For a start, the prosecuting House Democrats and Trump-defending Senate Republicans dutifully played their roles by alternately presenting and rebuffing the serial allegations of presidential misconduct by the defendant. Fair enough, with only a modicum of overdramatization.

Then, by way of an awkward and time-consuming procedure, individual senators of both parties were temporarily enlisted to present written questions to each side, posed by presiding Chief Justice John Roberts. Like some minor back-bench clerk, Roberts was obliged to read the questions aloud, often identifying the questioners, thus alerting the voters back home that their representatives were actively on the case.
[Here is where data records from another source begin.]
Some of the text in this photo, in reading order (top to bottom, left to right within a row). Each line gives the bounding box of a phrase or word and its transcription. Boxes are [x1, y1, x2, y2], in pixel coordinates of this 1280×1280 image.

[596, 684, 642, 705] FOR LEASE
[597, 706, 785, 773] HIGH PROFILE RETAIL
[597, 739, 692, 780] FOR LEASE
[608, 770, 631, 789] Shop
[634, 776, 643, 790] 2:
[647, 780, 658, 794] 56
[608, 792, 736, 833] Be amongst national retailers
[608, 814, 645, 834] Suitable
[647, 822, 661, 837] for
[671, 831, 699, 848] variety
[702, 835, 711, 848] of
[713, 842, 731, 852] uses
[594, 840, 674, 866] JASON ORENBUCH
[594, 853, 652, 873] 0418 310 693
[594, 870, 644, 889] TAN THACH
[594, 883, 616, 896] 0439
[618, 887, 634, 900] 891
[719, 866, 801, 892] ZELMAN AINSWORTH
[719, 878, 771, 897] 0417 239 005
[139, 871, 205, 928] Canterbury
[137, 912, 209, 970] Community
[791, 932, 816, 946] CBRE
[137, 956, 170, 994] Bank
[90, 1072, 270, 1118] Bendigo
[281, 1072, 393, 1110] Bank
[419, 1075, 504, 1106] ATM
The inquiries, warranted in the severity of the circumstances, sometimes were merely self-serving or echoed arguing points pro or con. They dragged on the inquiry to a repetitive drone, taxing the interest and indulgence of the vast television audience.
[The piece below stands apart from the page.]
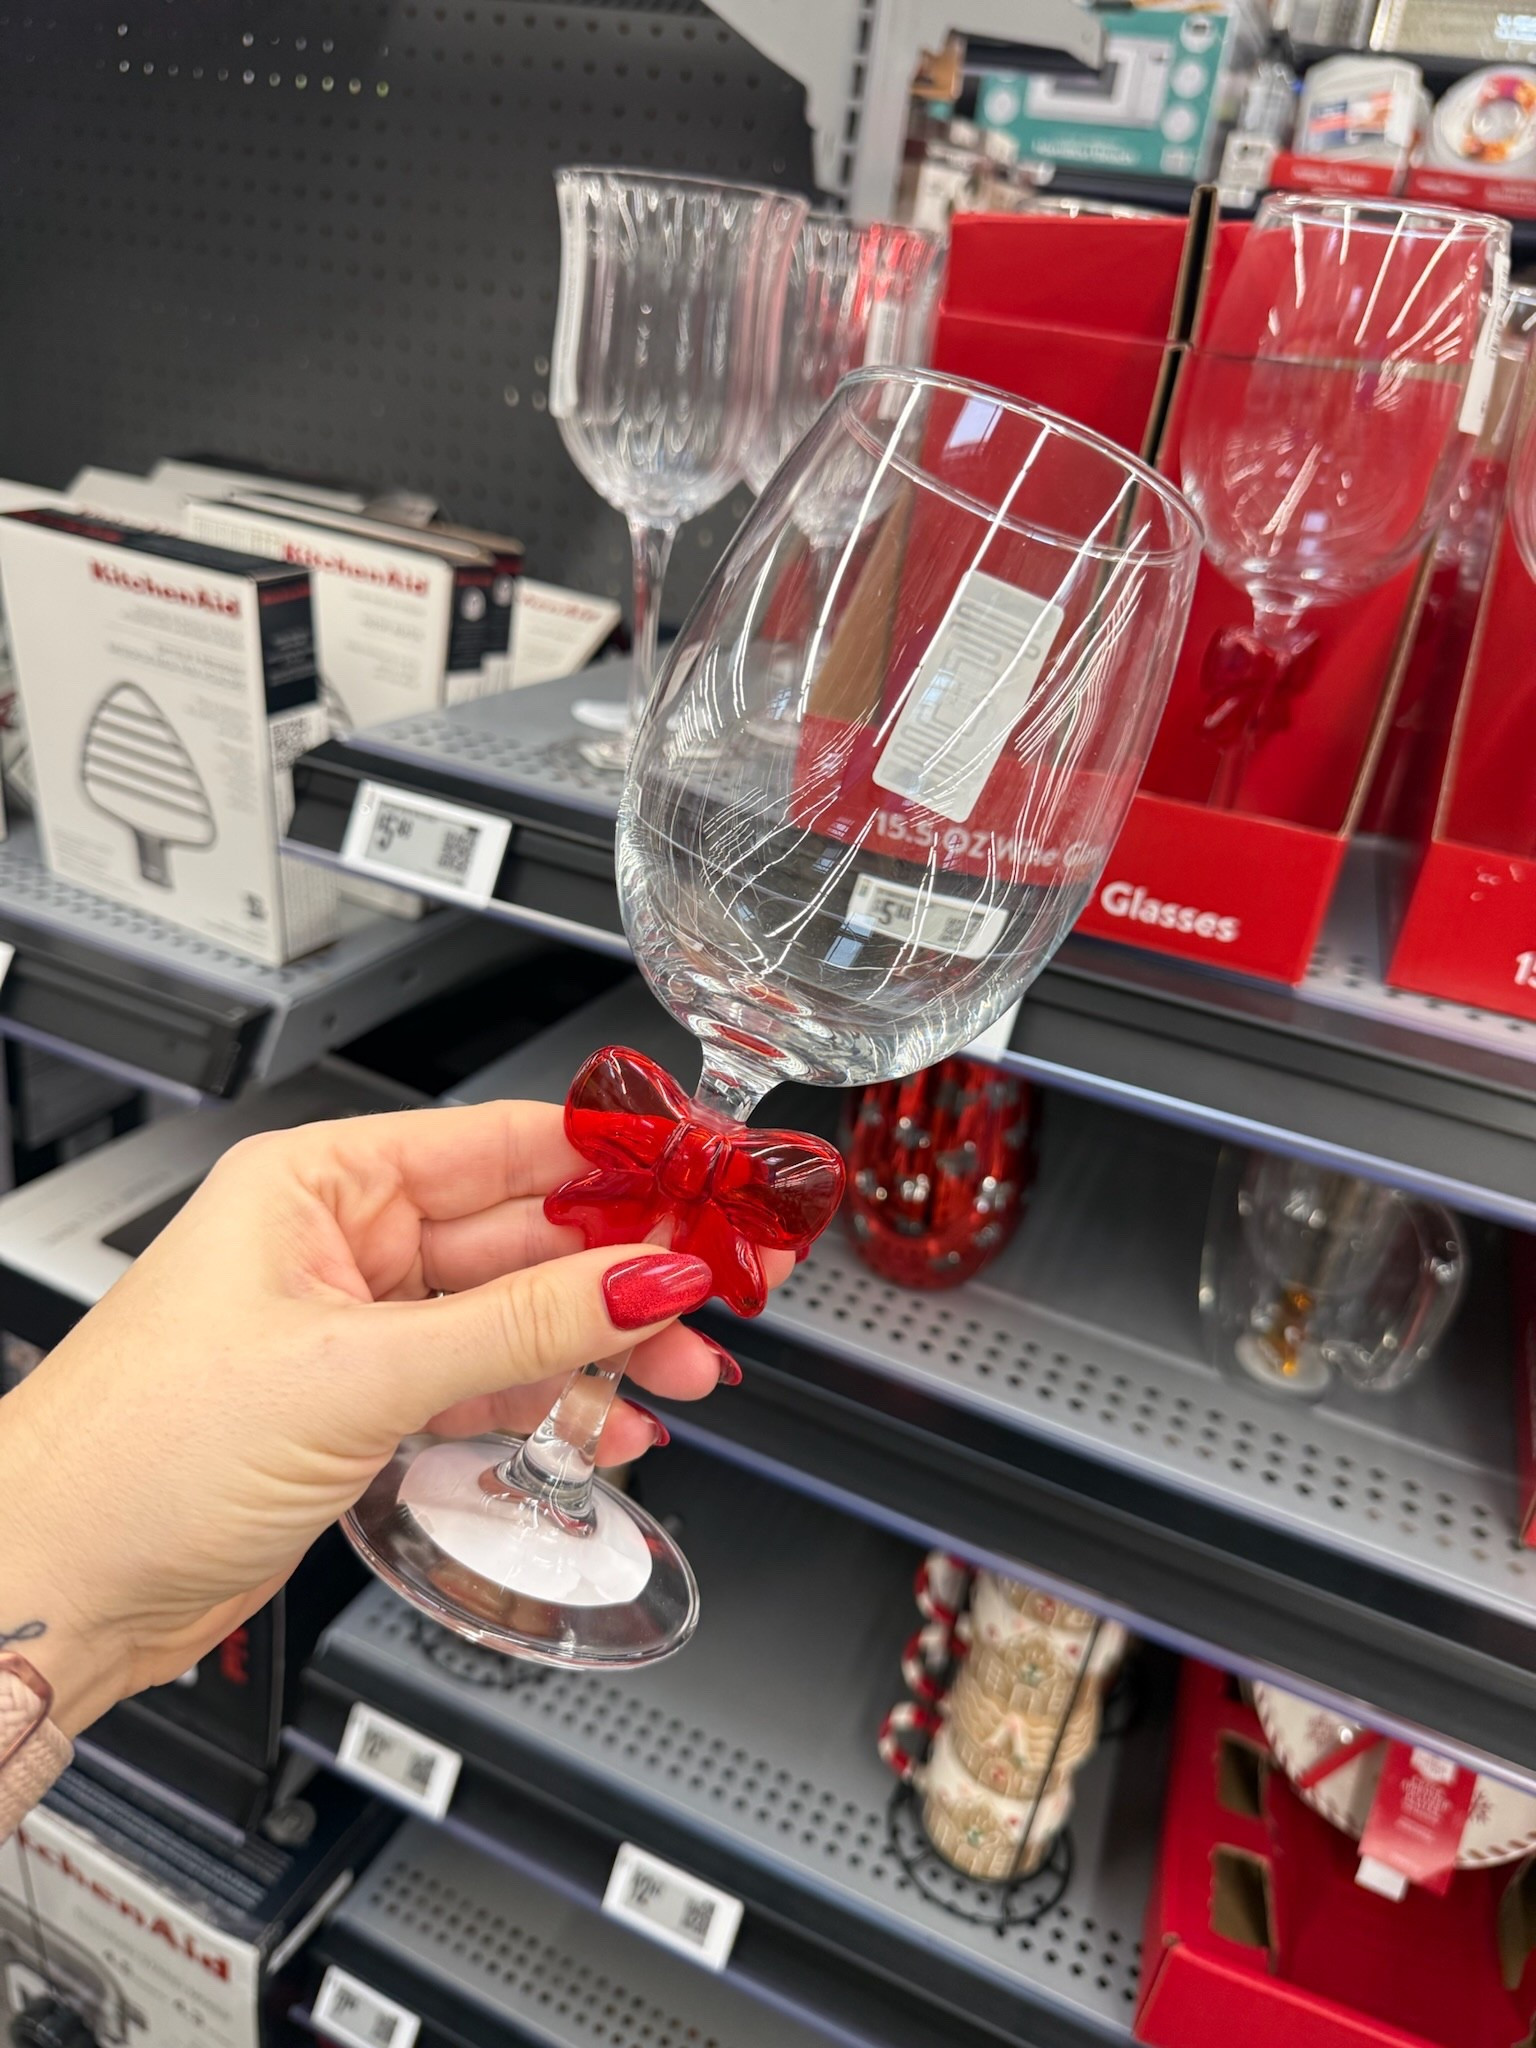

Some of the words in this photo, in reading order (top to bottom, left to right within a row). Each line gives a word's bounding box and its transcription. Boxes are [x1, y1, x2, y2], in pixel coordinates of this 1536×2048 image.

[91, 559, 241, 619] KitchenAid
[875, 811, 934, 846] 15.5
[1100, 880, 1241, 943] Glasses
[1513, 950, 1536, 989] 1
On the prosecution side, the lead impeachment manager, Rep. Adam Schiff (D-Calif.), chairman of the House Intelligence Committee, delivered an exhaustive but comprehensive chronicle of the two articles of impeachment against Donald Trump, for abuse of presidential power and obstruction of Congress.

The first dealt with the particulars of using $391 million in U.S. military aid to Ukraine for its defense against Russian territorial demands. The funds were temporarily withheld in what critics characterized as a bribe, specifically listed in the Constitution as grounds for impeachment.

The second concerned Trump's personal solicitation of Ukrainian President Volodymyr Zelenskiy to make a public announcement of an investigation of former Vice President Joe Biden, a prospective rival in the 2020 presidential election, and his son Hunter, who had been a highly paid board member of a giant Ukrainian energy firm despite a lack of experience in that field.

On the Trump defenders' side, administration lawyers were much less impressive, essentially arguing that the accusations did not rise to the level of impeachable offenses, while refuting or simply ignoring the factual substance of the allegations.

To bolster the defense, the president accepted the services of two high-profile lawyers celebrated for previous television appearances. The first, Kenneth Starr, was a featured prosecutor in the 1998-1999 impeachment of President Bill Clinton on allegations of sexual misconduct in the Oval Office. Clinton was subsequently acquitted by fellow Democrats in the Senate, then in the majority. The second was Alan Dershowitz, a Harvard Law professor who offered his wisdom on presidential impeachment during the Watergate scandal, dodged by President Richard Nixon when he chose resignation instead.

Each lectured the senators on the impeachment process as if they were schoolboys rather than members of what has called itself the world's most prestigious deliberative body.

As of Friday afternoon, all signs pointed to a similar partisan forgiveness as in the Clinton impeachment, or at least an unwillingness to convict a fellow Republican.

There was no serious attempt to challenge any aspect of the case against the president. Instead, his defenders merely rallied around him, peddling the notion that Trump, with his loyal political base, should not be denied the opportunity to seek reelection in November

Article I, Section 3 of the Constitution specifies that "Judgment in Cases of Impeachment shall not extend further than to removal from Office, and disqualification to hold and enjoy any Office of honor, Truth or Profit under the United States."

In other words, if Trump escapes impeachment, he is specifically sanctioned by the Constitution upon acquittal to put his case before the public for confirmation in the next presidential election.

He would be first president to run for reelection after having escaped removal from office in his first term. Clinton was reelected before facing impeachment. The only other American president impeached, Andrew Johnson in 1868, was spared removal by a single Senate vote but was denied a second nomination.

Thus, Donald Trump would be gambling that his impeachment, which will remain forever in the history books, will be disregarded by his faithful flock at the polls nine months from now.